MBT Revisited:
Perhaps you have read our previous thoughts on the MBT shoe. If not, click here, or listen to an old podcast here.
This is a video from their website which has a few redeeming qualities and teaching value.
1st of all, we notice that the shoe is rockered in the saggital (:02-:05 and :49-:54) AND coronal (:55-:59) planes. Rockers in the saggital plane are a Godsend for folks with hallux limitus and functional hallux limitus (limited ablility to dorsiflex the great toe, aka Turf Toe). Rockers in the coronal plane (the side to side motion plane) promote medial/lateral instability. This can be therapeutic, but ONLY if you have earned the right (through skill, endurance, strength) to be able to handle that instability. Challenges to the coronal plane, sometimes referred to as the lateral plane, are helpful in rehabilitating things like ankle sprains. Rockers, in general, have a higher metabolic cost and require greater proprioception and skill to handle, thus the “increased muscle activation” (1:12-1:23).
A saggital rocker can decrease stress on the knees and hips (1:27-1:30) because it limits the amount of ankle dorsiflexion needed and the “rolling” motion assists in knee and hip flexion. This increased motion comes at a cost of increased hamstring activation (1:15-1:17) and a smaller increase in gluteal activation (1:18-1:20). Do we really want to promote the hamstring dominance when the gluteus medius-maximus team is supposed to help carry us through the gait cycle? Remember, the Gluteus Maximus is only supposed to contract up to the moment before midstance, with a burst at toe off.
It would be interesting to see what effect (positive or negative), or if any, they have on foot intrinsic activity. With a rigid last (you cannot bend these shoes because of the rigid built-in rocker) the foot may be pretty silent since the shoe merely passively rocks you forward into each step.
On a positive note, they do promote a more upright posture (:18-:27) compared to a traditional heeled shoe which purchases the user forward as noted in the video. The shoes also have a decreased amplitude of vertical oscillation (:19-:22).
We again caution that need to “earn” you way into this shoe, and though it can be a rehab tool, we do not feel it is a great shoe for day to day activities or running in. One of our greatest concerns, other than what the shoe can be doing to the normal function of the foot muscles and joints, is the extremely soft crash-entry zone at the rear 1/3rd of the shoe (depicted here in red in the video). The EVA foam is so soft that a heel strike cannot be achieved. Heel strike is part of normal gait. However, as we have coined, there is a difference between heel strike/impact and heel contact.

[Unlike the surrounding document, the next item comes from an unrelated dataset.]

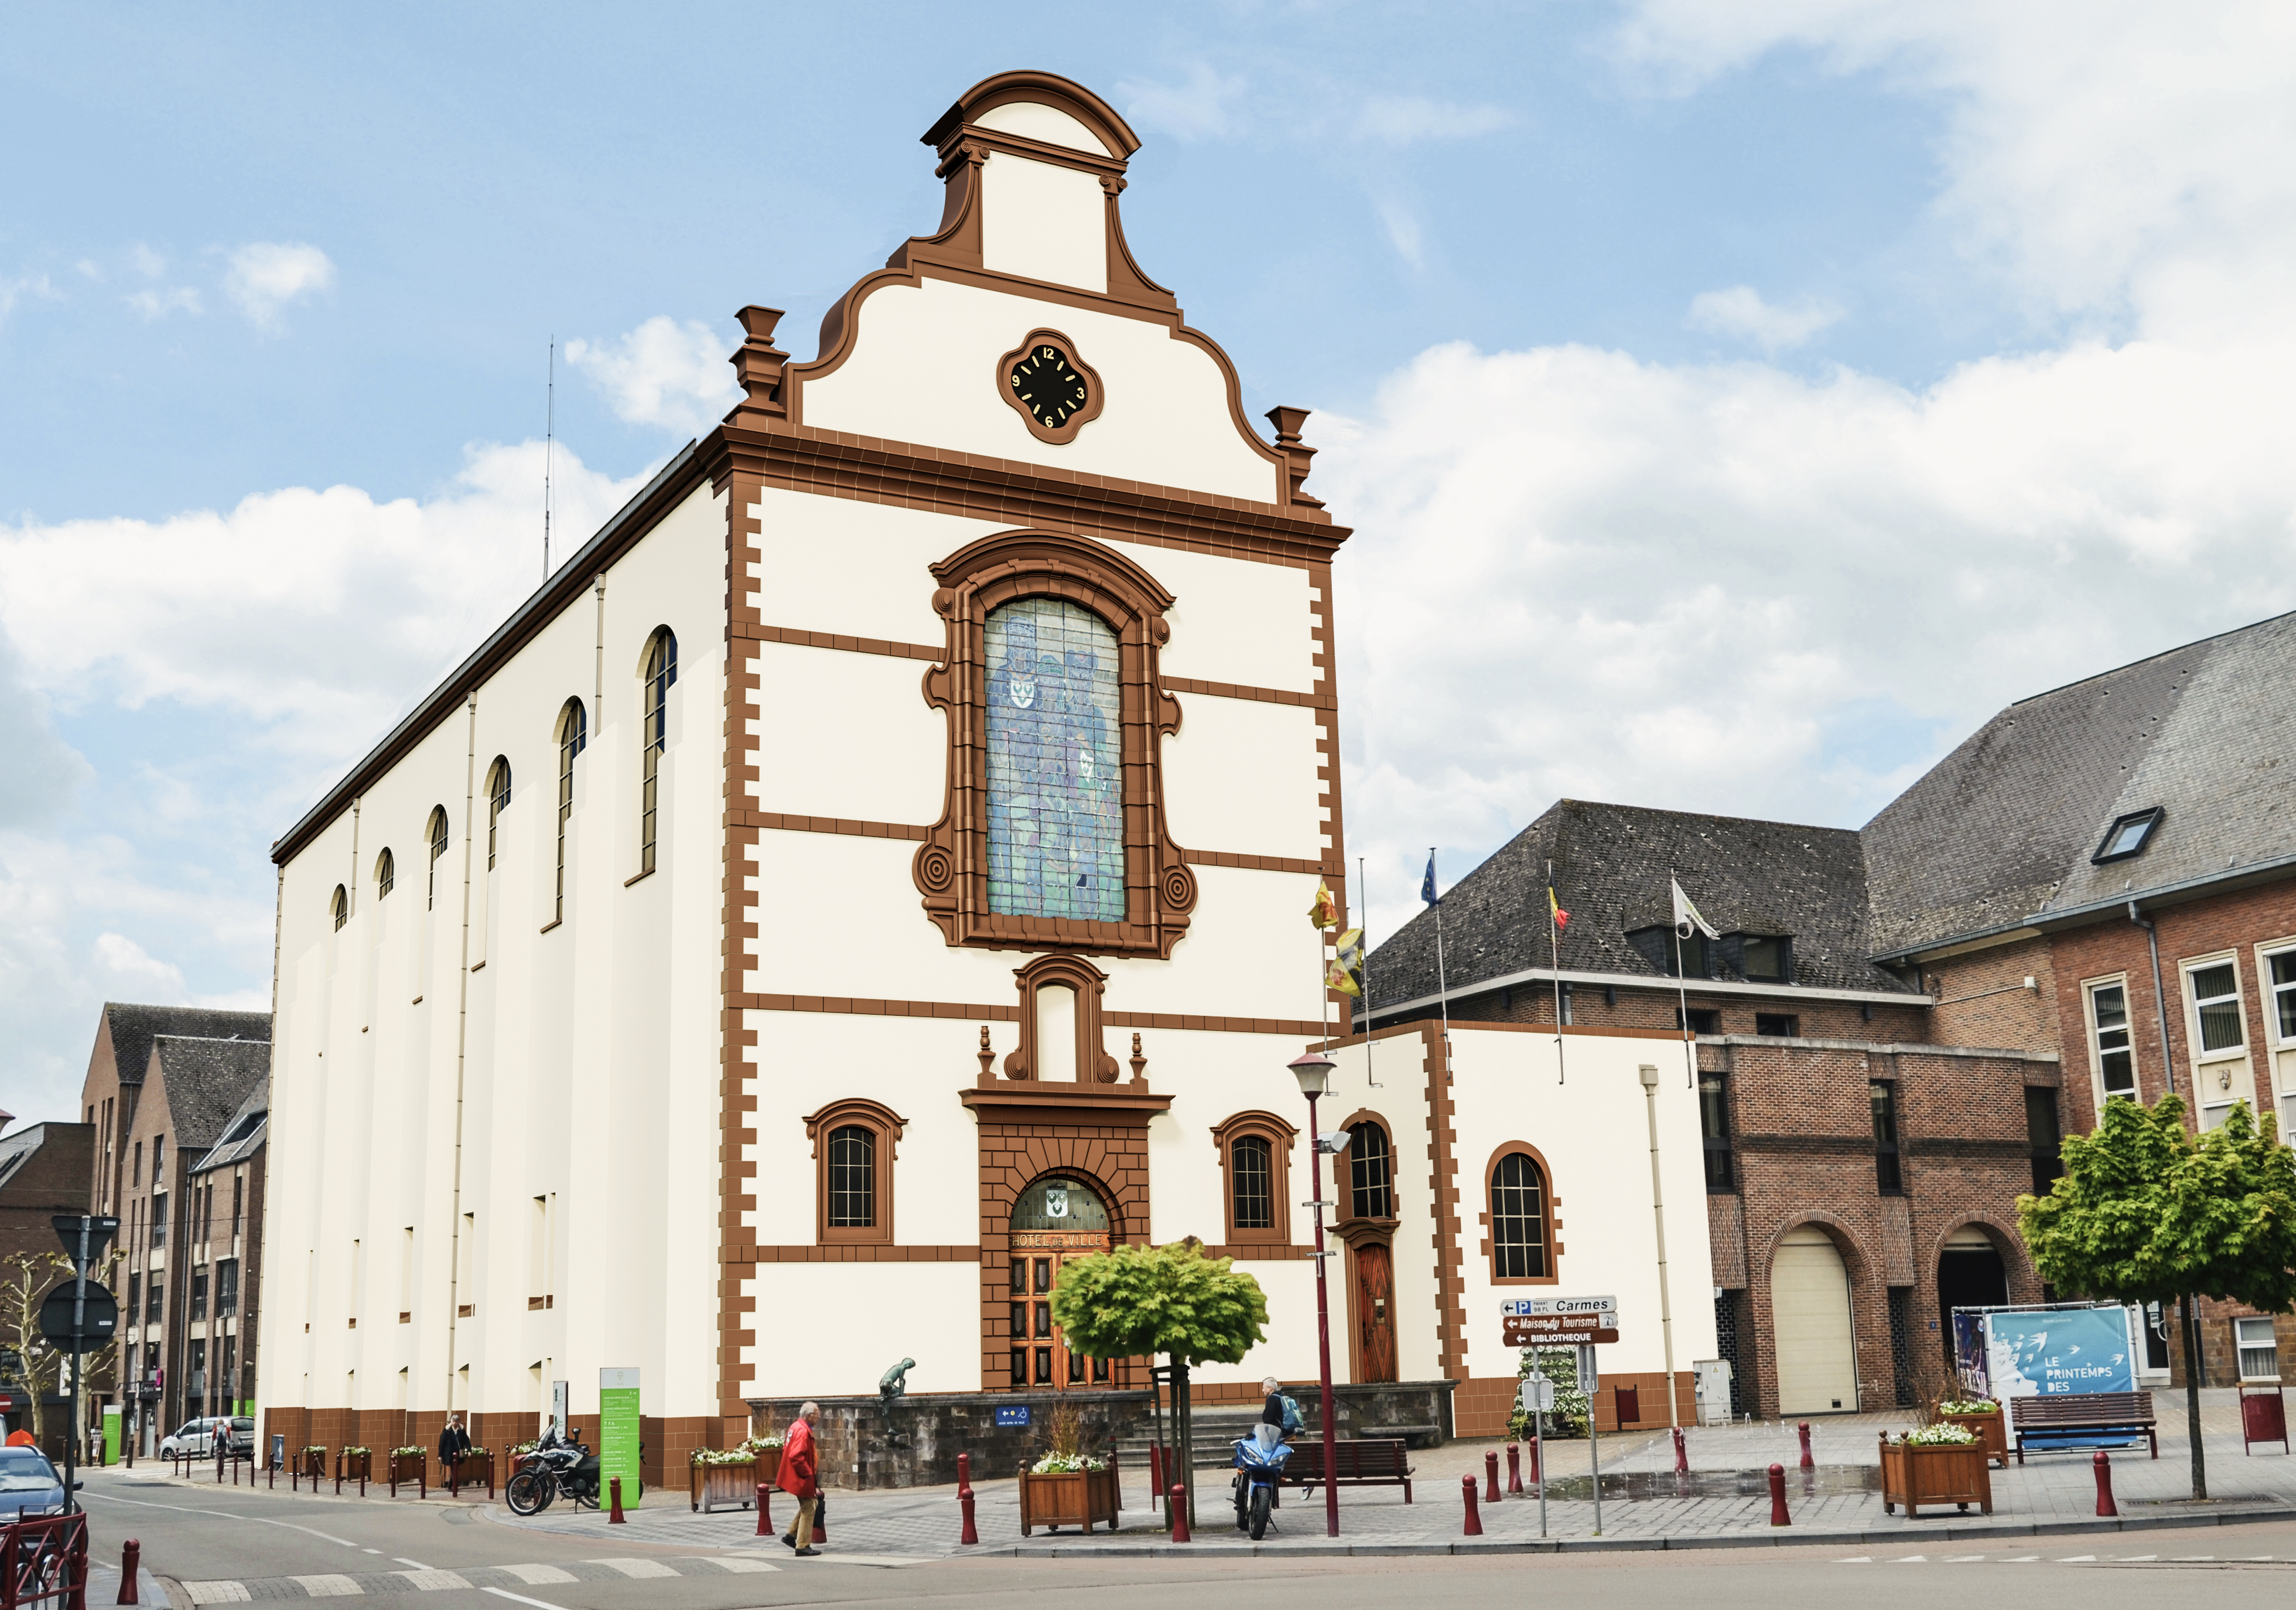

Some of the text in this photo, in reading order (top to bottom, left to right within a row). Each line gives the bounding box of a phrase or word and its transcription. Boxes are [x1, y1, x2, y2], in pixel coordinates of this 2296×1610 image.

We recommend the thought of the heel “kissing” the ground and smoothly transitioning to midfoot strike, no matter what shoe is used in walking. Certainly running is a different matter, we prefer midfoot strike, where the foot type is accomodating so such a strike. Not everyone has a foot type that will respond to a forefoot strike (ie. forefoot varus) without eventual pathology or injury. If heel strike were to occur in the MBT the risk of knee hyperextension would be on the table and retrograde knee motion is never good and never helpful when progression forward is desired.
Almost every shoe has a perk and a drawback. You just need to understand the engineering of the shoe and understand the foot and body that is going into the shoe, to decide how it might help you. We do use this shoe for some foot types, mostly as a therapeutic device to help someone heal or improve skills to achieve performance success. But as a day to day shoe, this is not a shoe we ever recommend. This shoe alters normal biomechanical events, a compensated gait if you will.
The Gait Guys: just the facts, so you can make more educated decisions.